Der Chef ist entsetzt. Mord und Totschlag in seinem Betrieb, den er mit seinen eigenen Händen aufgebaut hat, all die Jahre, Subventionen hat er locker gemacht dafür, geschuftet auch… „Das war sicherlich ein Scherz“, sagt ein Betriebsrat. „Ein schöner Scherz!“ ruft der Chef und fordert alle auf, zurückzutreten als Betriebsrat.

Dann kommt die Gewerbepolizei.

Sie ist nicht das erste Mal hier, sie kennt den Betrieb. Der Betriebs­rat hat schon den Chef angezeigt und der hat seitdem eine hohe Meinung von der Gewerbepolizei. Nun wird es anders rum gehen, denkt er. Nun wird bald der Betriebsrat eine hohe Meinung haben von der Gewerbepolizei.

„Sehen Sie sich das an“ sagt der Chef. Der Herr im grauen Anzug sieht es sich an. „Da gings ja hoch her“, sagt er.

„Und der Betriebsrat hat zugeschaut“, ruft der Chef. „Nun will er nicht zurücktreten“.

„Was haben wir damit zu tun?“ fragt die Gewerbeaufsicht.

„Hier ist Trinken und Rauchen verboten“, sagt der Chef.

„Was sagen Sie dazu?“ fragt die Gewerbeaufsicht den Betriebsrat.

„Wir haben gewartet mit der Feier, bis der Betriebsleiter drei Cognac getrunken hatte. Danach konnten wir den Leuten das Trinken schlecht verbieten, was wir ja ohnehin nicht können.“

„Was sagen Sie denn dazu?“ fragt der Chef den Betriebsleiter.
„Äh“, sagt der, „äh. So ein, zwei hab ich schon mitgetrunken“.

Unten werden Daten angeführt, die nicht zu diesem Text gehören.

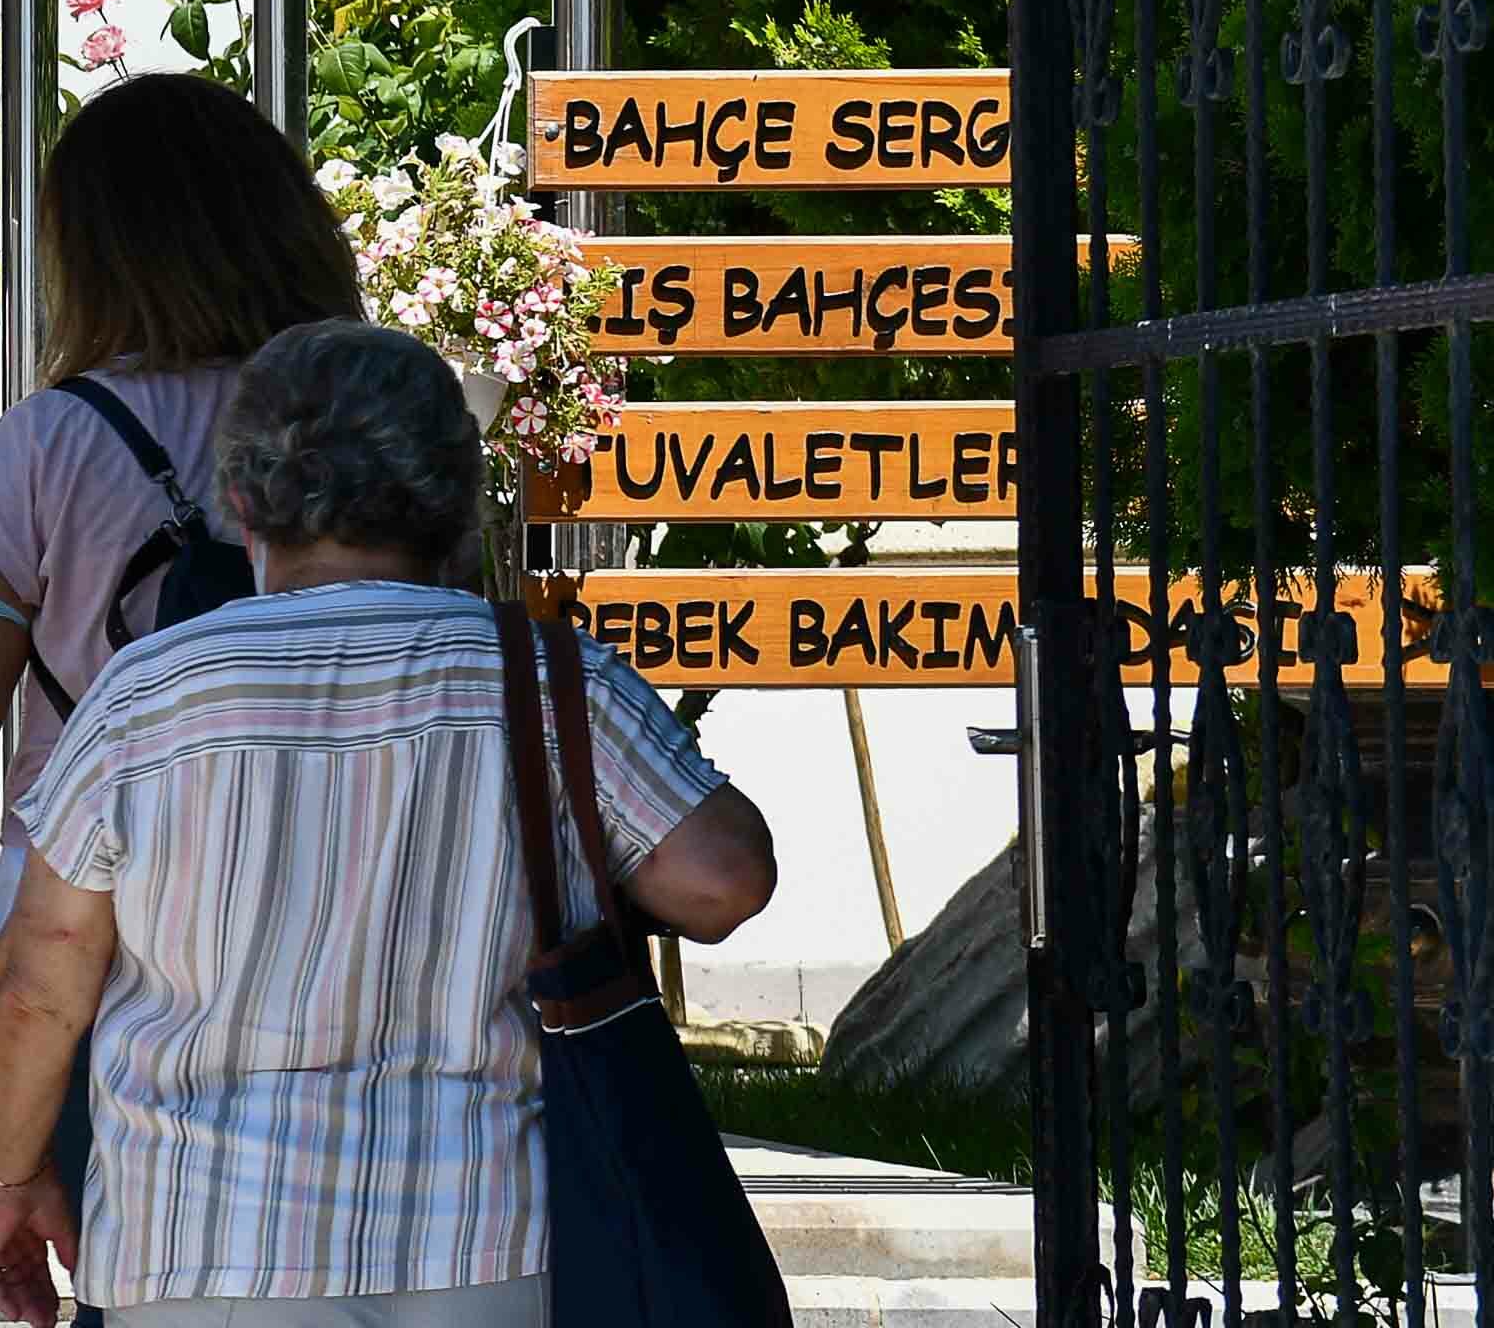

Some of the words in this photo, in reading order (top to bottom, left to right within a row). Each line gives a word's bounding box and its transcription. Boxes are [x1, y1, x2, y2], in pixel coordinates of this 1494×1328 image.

[563, 98, 796, 184] BAHÇE
[825, 99, 1012, 170] SERG
[588, 265, 696, 346] IŞ
[789, 598, 1022, 670] BAKIM

Das Schweigen ist peinlich. Alle Herren überlegen nun. Es ist eine verzwickte Sache. Der Chef hat recht, das steht fest, aber was geht das den Betriebsrat an?

„Sie sind für die Ordnung im Betrieb verantwortlich“, sagt die Gewerbepolizei zum Betriebsleiter. „Sie müssen das Alkoholtrinken verhindern, Sie sind der Hausherr“, sagt die Gewerbeaufsicht.

Sie spricht eine gebühren­pflichtige Verwarnung aus von 5oo Mark gegen die Geschäftsleitung, weil in den Räumen das Rauchen und Trinken verboten ist und trotzdem geraucht und getrunken wurde.

„Der Betriebsrat hat doch mitgetrunken“, ruft der Chef, „der hat dem Geschäfts­führer doch eine Falle gestellt“, ruft der Chef und „nachdem der getrunken hat, haben  sie gesagt: nun dürft ihr auch…“

„Das stimmt“, sagt der Betriebsrat. Die Leute haben erst gefeiert, als ihr Betriebsleiter mit gutem Beispiel vorangegangen ist.

„Sie hören noch von uns“ sagt die Gewerbepolizei und geht.

Nachgeschichte: Der Chef besteht darauf, dass jeder Arbeitnehmer eine schriftliche Erklärung abgibt, dass er nicht mehr trinken wird im Betrieb. Niemand unterschreibt. Daraufhin wird ein Aushang gemacht fürs Schwarze Brett, dass niemand mehr trinken darf im Betrieb. Damit ist der Betriebsfrieden wiederhergestellt.